── Information shown

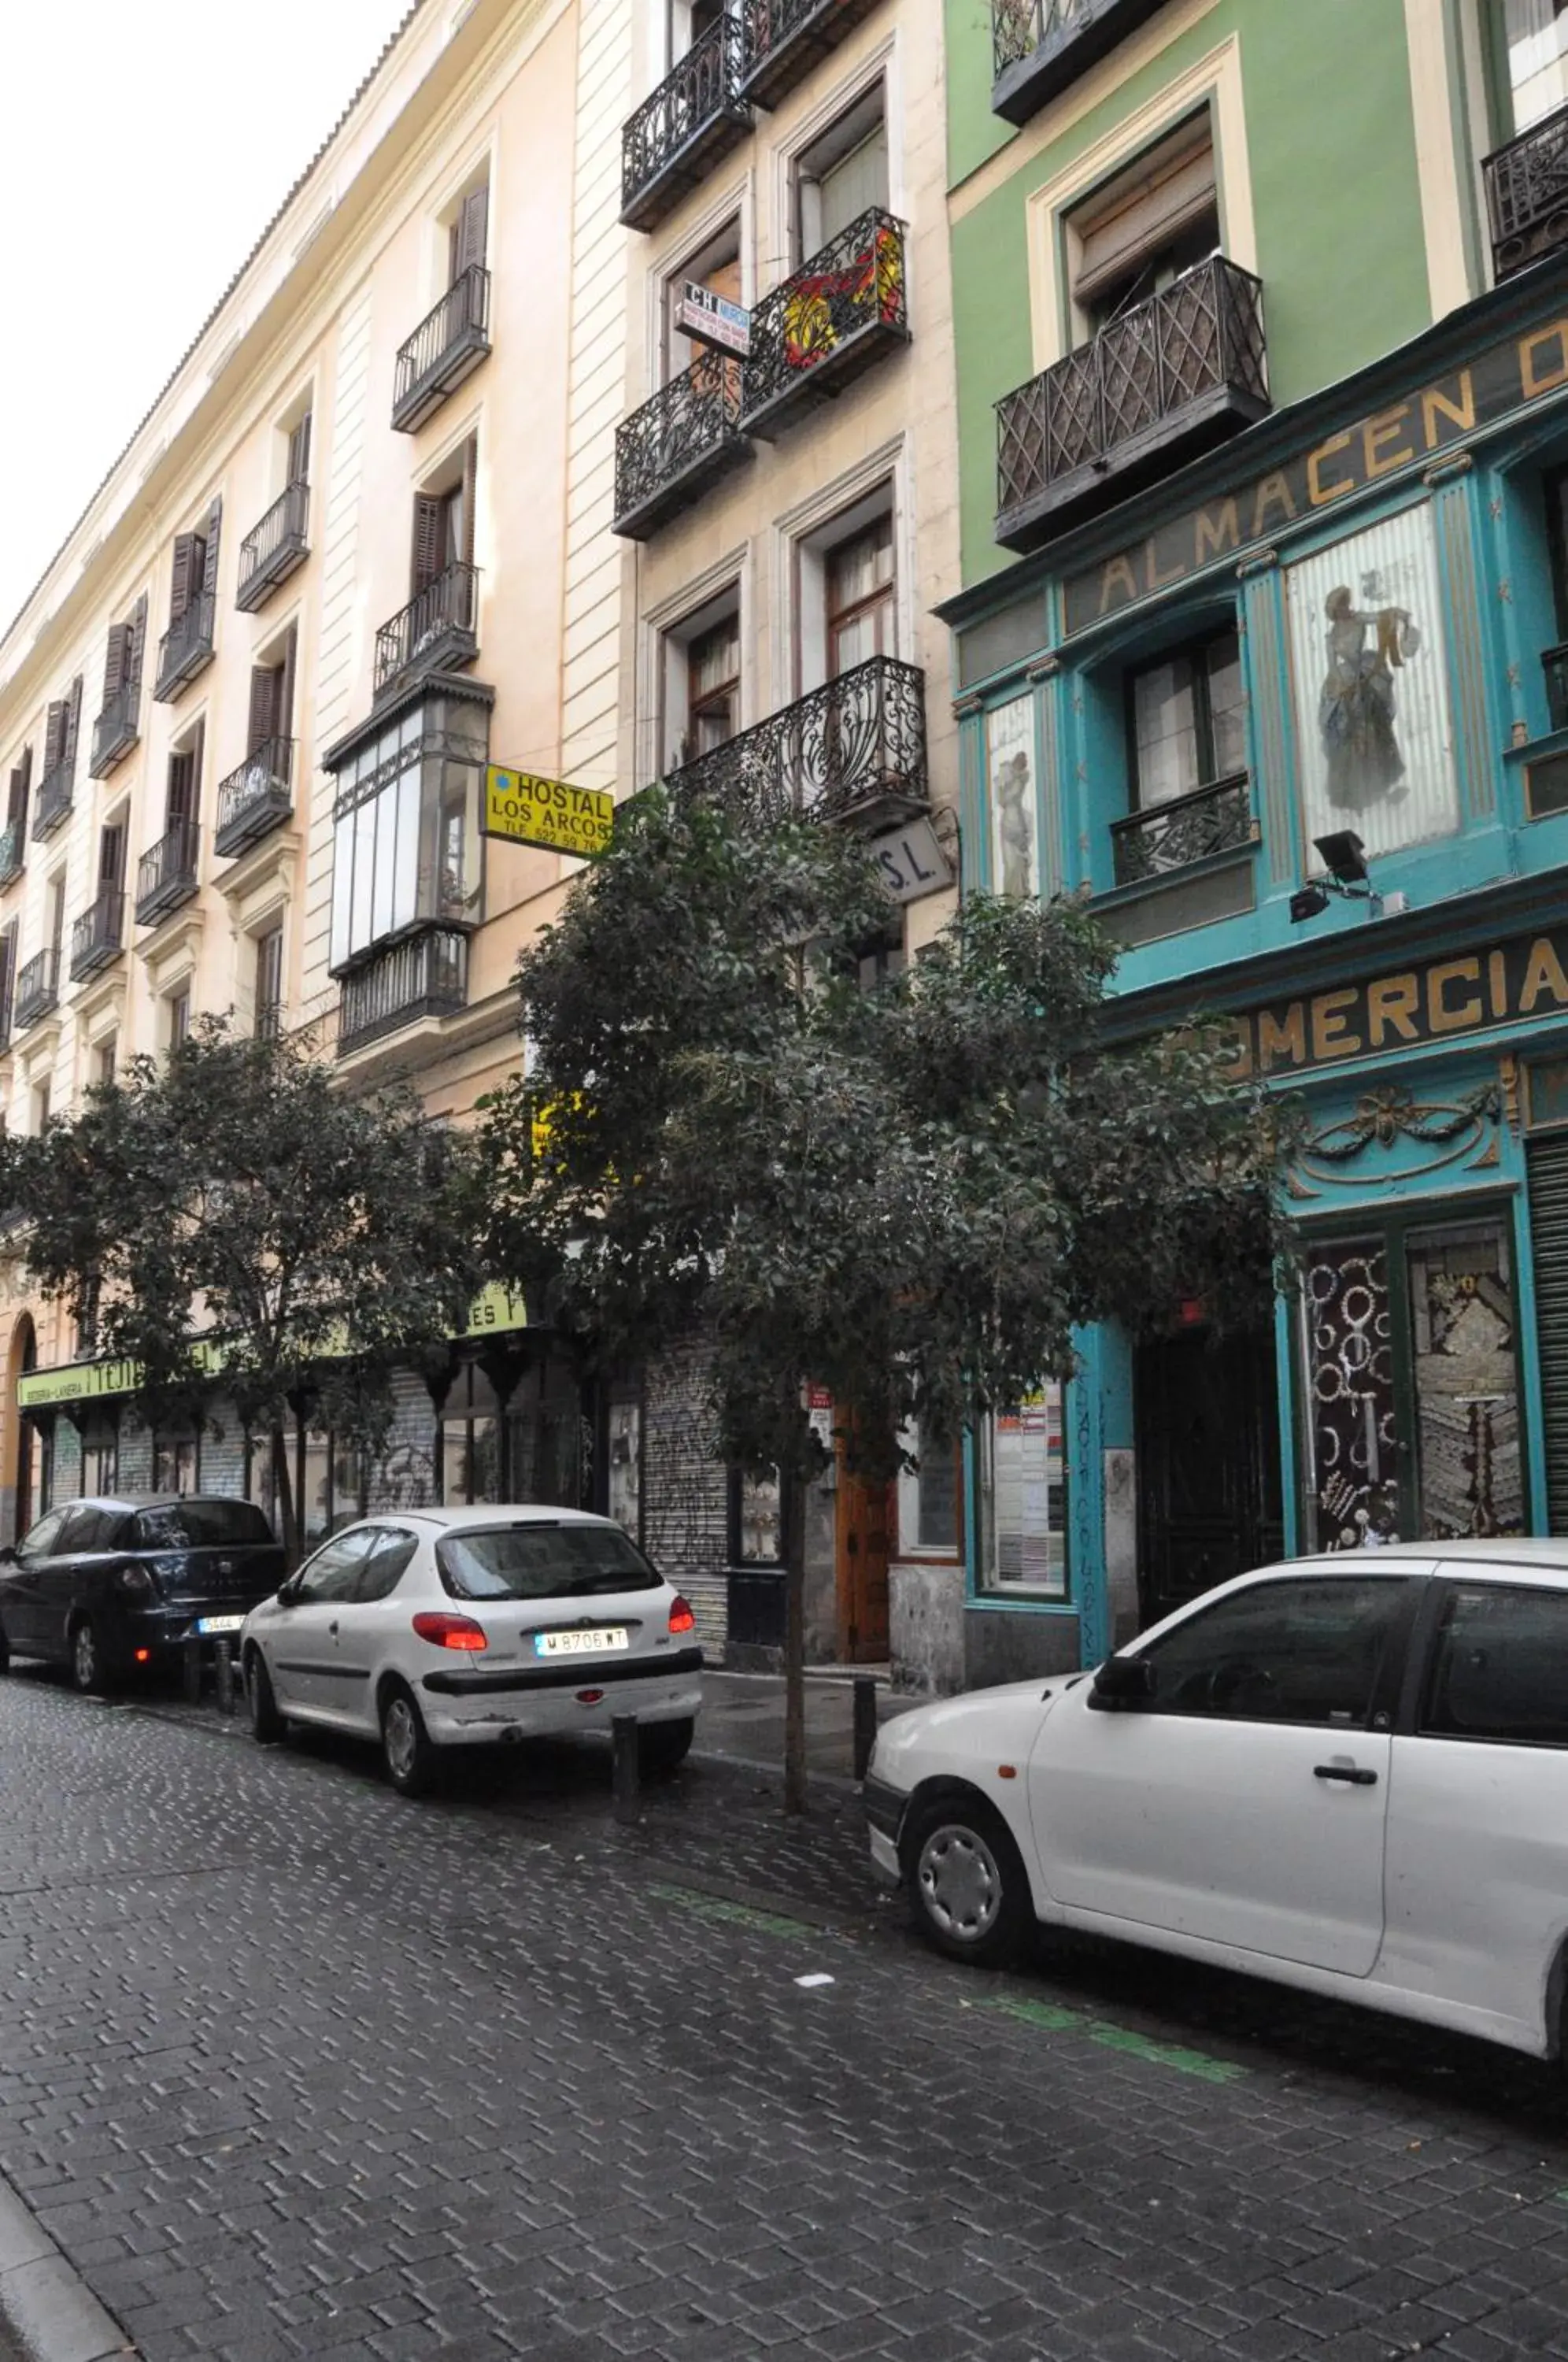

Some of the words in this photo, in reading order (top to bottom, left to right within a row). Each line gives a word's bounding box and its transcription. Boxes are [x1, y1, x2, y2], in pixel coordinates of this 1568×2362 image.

[691, 287, 712, 310] CH
[1099, 368, 1475, 616] ALMACEN
[492, 796, 531, 821] LOS
[542, 809, 609, 840] ARCOS
[518, 775, 608, 820] HOSTAL

────

**How to complete this task:** I'd like the entries above repeated exactly, but without any of their pictures.

**Solution for this task:**
Some of the words in this photo, in reading order (top to bottom, left to right within a row). Each line gives a word's bounding box and its transcription. Boxes are [x1, y1, x2, y2], in pixel coordinates of this 1568×2362 image.

[691, 287, 712, 310] CH
[1099, 368, 1475, 616] ALMACEN
[492, 796, 531, 821] LOS
[542, 809, 609, 840] ARCOS
[518, 775, 608, 820] HOSTAL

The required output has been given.